Who is right? The answer, a number of observers say, is that both may be.
Each study used markedly different approaches to analyze the data. Hanushek, using a common method known as "vote counting,'' essentially calculated the proportion of studies that found significant correlations between increased spending and improved student achievement. Of the several dozen previous studies he examined, only 20 percent showed a strong positive effect.
The method used by Hedges, who is a statistician and education professor at the University of Chicago, is known as a "meta-analysis.'' It took into account the magnitude of the effects that were found. In other words, if students' standardized-test scores rose, Hedges wanted to know by how much. Employing that method, he and his colleagues found strong ties between student achievement and both per-pupil-funding levels and teacher experience. Other factors--such as class size, teacher education, teacher salary, administrative staffing, and facilities--showed less connection to achievement.

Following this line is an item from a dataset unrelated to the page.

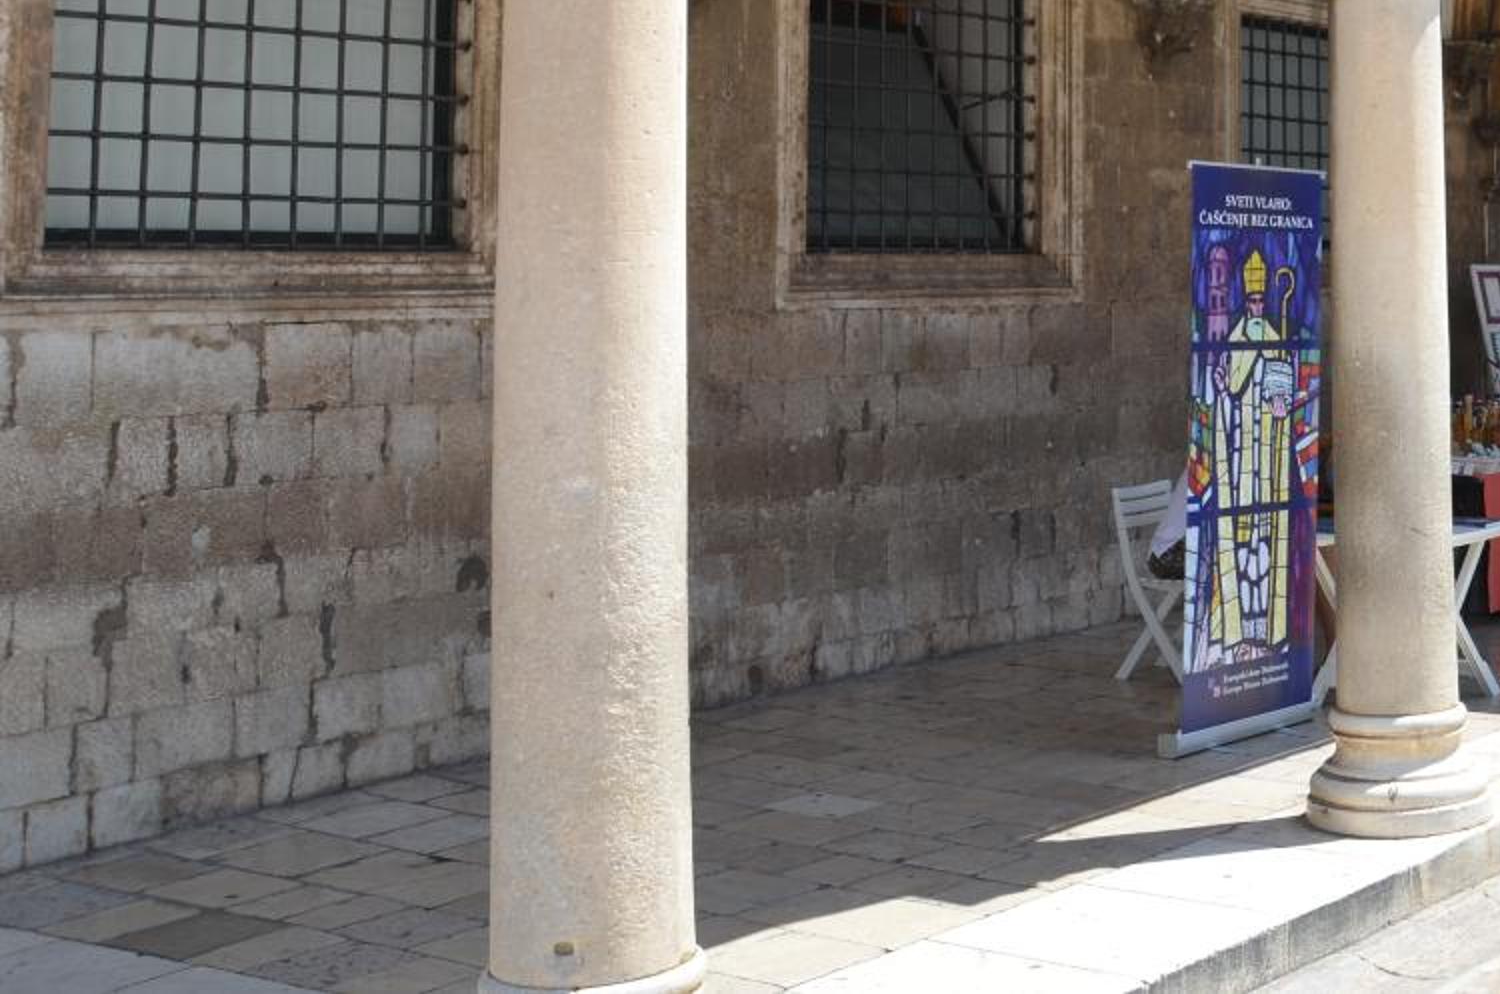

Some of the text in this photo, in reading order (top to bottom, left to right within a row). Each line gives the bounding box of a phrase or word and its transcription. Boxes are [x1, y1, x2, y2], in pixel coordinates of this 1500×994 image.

Richard Murnane, an economist and professor at the Harvard Graduate School of Education who contributed to the Brookings study, points out that even if the majority of school districts do not use money in ways that make a large difference in student learning, the minority of districts that do could compensate for all the others. Both of the studies "are telling you useful information,'' says Murnane, who is writing a book on the subject.
Even Hanushek, who in the May issue of Educational Researcher gave a pointed response to the Chicago researchers, now says the two studies are "in complete agreement.''
"There are some places that use money ineffectively and some that use it effectively,'' he says. "If you throw money at schools, you get at about the rough average.'' He points out that his study found no systematic links between money and results, not a complete absence of links. But the links he found, he says, are not enough to build policy on.
But neither are Hanushek's findings, Hedges argues. To the extent that the existing studies have found relationships between more money and performance, he asserts, "the relationships are positive and some are quite positive.''
To some extent, the debate is as much about research methodology as it is about whether giving schools more money improves student achievement. Meta-analyses, like the one Hedges and his colleagues carried out, have been used increasingly over the past 15 years or so in psychology, medicine, and social science research. But Hedges points out that such studies are still relatively rare in the realm of economics, Hanushek's field.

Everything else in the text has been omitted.